I had trouble finding the hilarity in it all. I felt violated. I burned sage in my car and took it for a drive down to the river. I cursed the thieves and checked Craig’s List constantly for a possible Purple Rain appearance. I contemplated taking Krav Maga classes (the best cure for breakups and lay-offs) and buying pink boxing gloves. I wondered if people still formed posses, and if they did, when was their MeetUp?
I went a little bit nutters over the whole incident, a fact that I was well aware of. I almost wrecked my car twice while staring down poor college girls on what-may-have-looked-like-from-a-hundred-feet-away my bike.
When I started waking up at three a.m. every morning in a cold sweat and unable to breathe, I decided that this bike thing was disturbing more than my peace. Down through the years I’ve had more than a few insomniac periods. I could live through it. It was the other people around me who had to suffer. No sleep equals no peace for the people in Sara’s life. You know how babies get when they are sleepy. The demon cry and the flailing of limbs? Dignified by comparison.
I upped the yoga practice by one day a week and broke out my bolster for extended meditation sessions—a little Ganesh statue by my side. That fearful feeling didn’t go away. I cleansed my chakras. Still nothing. Had a few beers and watched Spinal Tap. Slight improvement—briefly.
My mind had unleashed itself upon me. I had no idea it was such a menacing beast.
by Jill ShropshireWhat I began to understand through my practice was that my fear went a lot deeper than the bike. It was lodged way down there, underneath a stack of junior high yearbooks, my old fat clothes, and a well-thumbed copy of Jim Morrison’s America. It went back to that very soft place in me before I began pretending like a self-assured adult. It was raw down there. It was childhood.
It was when ghost stories were a welcome distraction from the very real fears about my parents’ finances and my friend’s cancer and my inability to pass math tests.

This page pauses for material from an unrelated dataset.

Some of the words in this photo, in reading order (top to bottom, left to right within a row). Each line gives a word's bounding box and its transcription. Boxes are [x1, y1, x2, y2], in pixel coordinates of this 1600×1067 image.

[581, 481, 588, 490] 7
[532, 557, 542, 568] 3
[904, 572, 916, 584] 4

I’ve heard it said that children are so wonderful because they have no inhibitions—they aren’t yet hardened by jobs and dating and political debates. Having worked with children, and having spent many years as one myself, I can call B.S. on that idea.
Children are sponges—all nerve endings and no filter. They can, if raised in a protected and immensely loving environment, be inhibition free. They can believe that unicorns live just over the hill, and teachers are witches. They can also wonder why their fathers left and if there’s enough money for food. They can contemplate war and curse the price of gas. They can grapple with the death of loved relatives and pets.

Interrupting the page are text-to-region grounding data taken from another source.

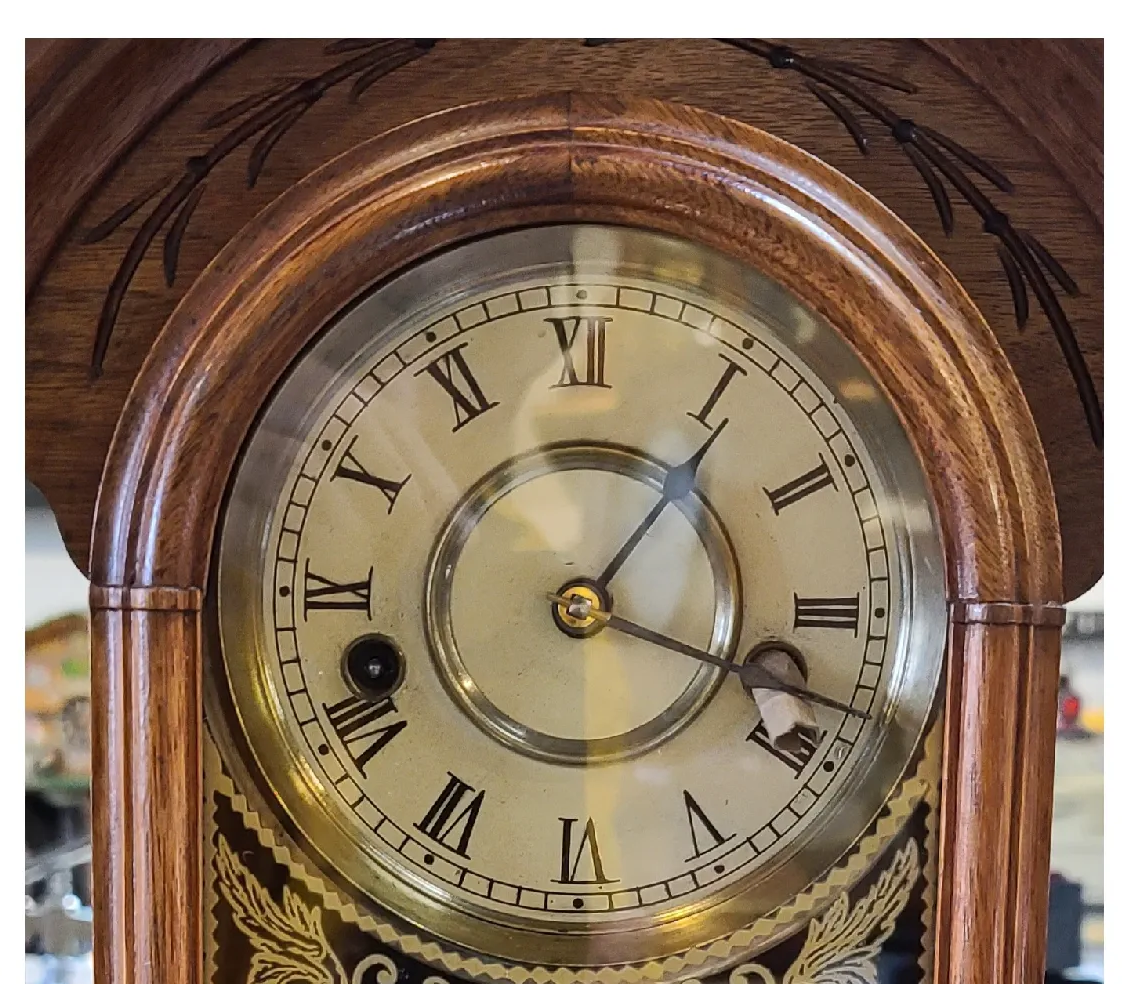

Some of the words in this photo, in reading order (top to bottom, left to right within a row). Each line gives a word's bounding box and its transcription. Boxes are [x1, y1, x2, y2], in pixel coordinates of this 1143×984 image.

[413, 342, 500, 433] XI
[543, 315, 614, 389] XII
[686, 353, 747, 430] I
[330, 434, 412, 515] X
[762, 452, 838, 516] II
[304, 558, 373, 622] IX
[793, 591, 860, 639] III
[413, 771, 485, 859] VII
[550, 816, 620, 884] VI
[683, 789, 737, 863] V
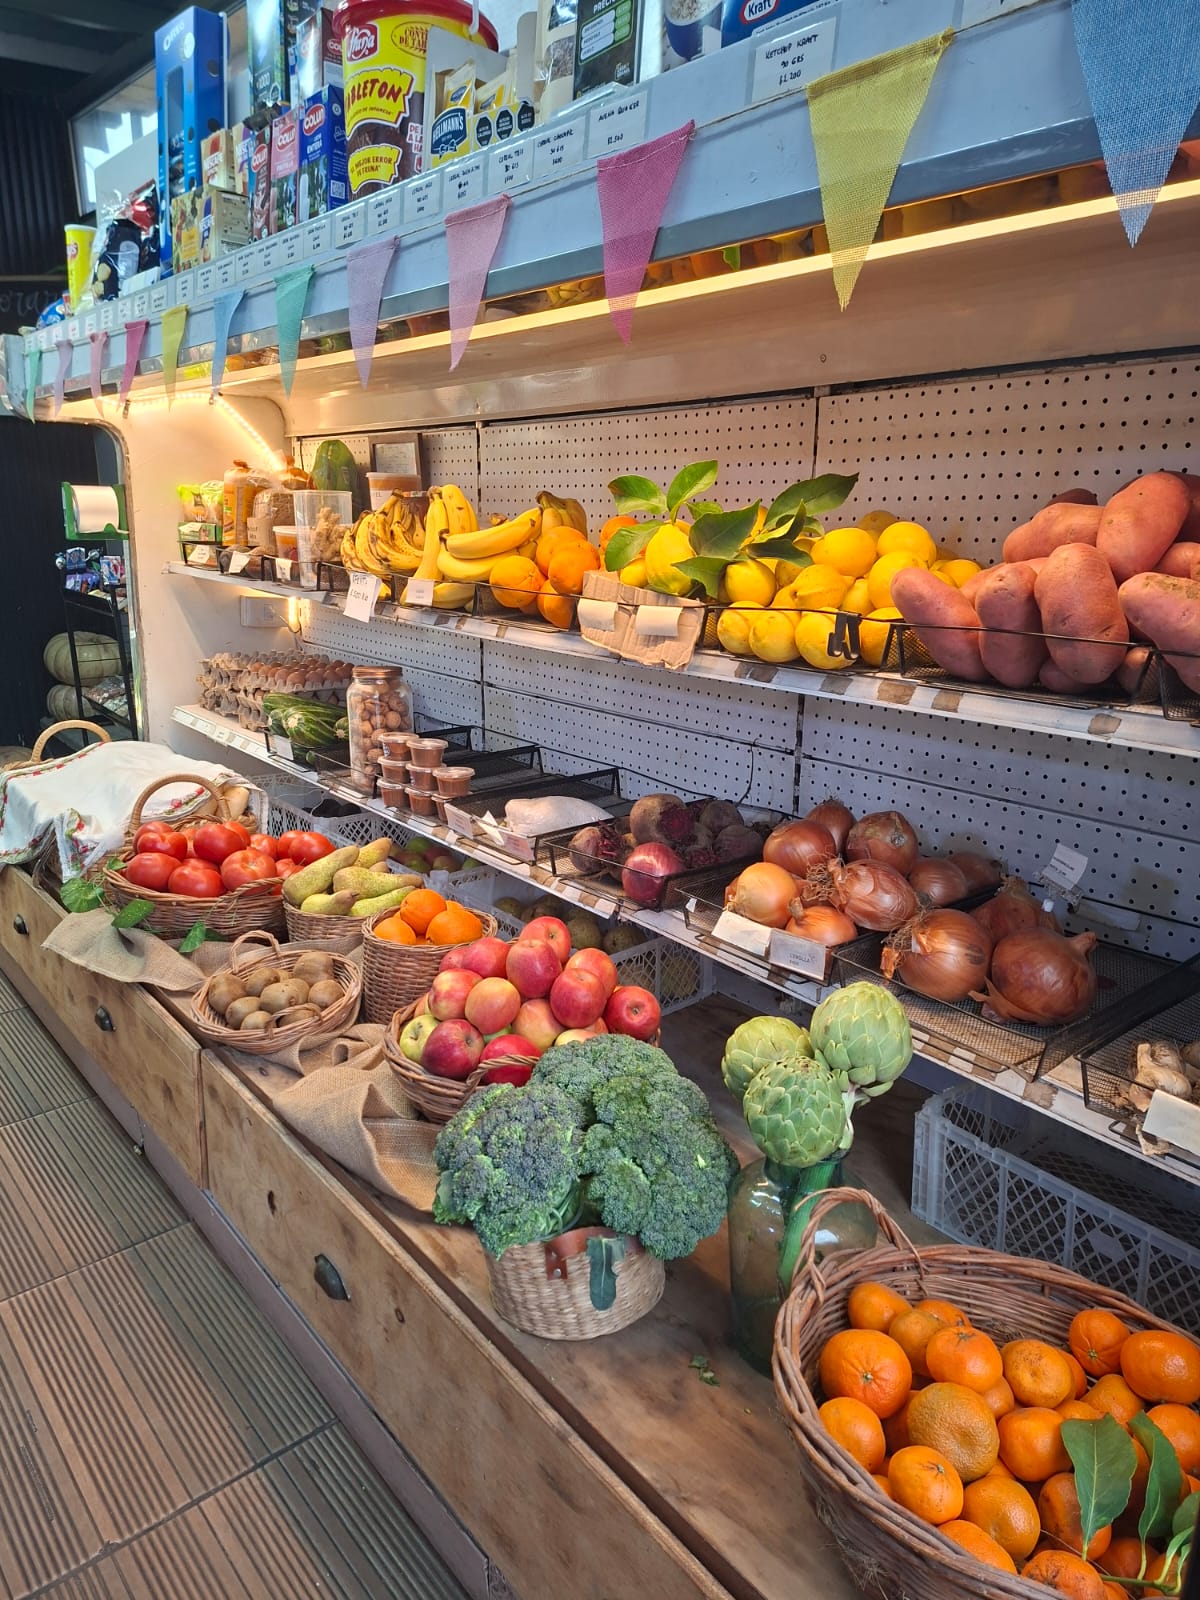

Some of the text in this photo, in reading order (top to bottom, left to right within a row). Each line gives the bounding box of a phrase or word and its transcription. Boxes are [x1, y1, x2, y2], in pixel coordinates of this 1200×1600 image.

[748, 0, 772, 17] Kraft
[346, 78, 402, 112] ABLETON
[304, 108, 324, 130] COLUN

I certainly did. But for all those cheesy 80s horror flicks with Dokken soundtracks, real life was the thing that scared me the most. I felt socially inept and ugly. I felt I wasn’t smart enough to please my parents, and too bookish and nerdy for the other kids. Slumber parties gave me panic attacks. Field day, just the thought of it, gave me hives.
And even now, long past my new and shiny self, I feel that same anxiety. It isn’t always present. I’ve learned ways to wrangle it into submission. When it appears, though, it’s much like the ghoulish figure at the end of a hallway—the spirit ripping at my bedsheets.

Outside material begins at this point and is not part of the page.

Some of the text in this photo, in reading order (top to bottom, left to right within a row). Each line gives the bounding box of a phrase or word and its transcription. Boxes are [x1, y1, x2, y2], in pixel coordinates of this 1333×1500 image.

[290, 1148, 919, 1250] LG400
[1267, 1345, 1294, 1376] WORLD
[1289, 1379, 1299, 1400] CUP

It’s me—the phantom me, and scarier than any damn thing special effects could possibly offer. Cabin in the Woods won my admiration. Paranormal Activity made me laugh. Saw made me sick. None of them could come close to me.
I can convince myself that my maturity and spiritual life rid me of fear—make all of my insecurities vanish with a chant and a bow. Make anger and jealously and grief vanish like an nighttime apparition. It doesn’t, though. It becomes less powerful, but only in death will it disappear. I’m beginning to think I should stare it down and find out who it is and what it wants and why.
There is no ghost, no monster under the bed, no clown in the closet. I have found that the American Horror Story is me. Letdown. Namaste.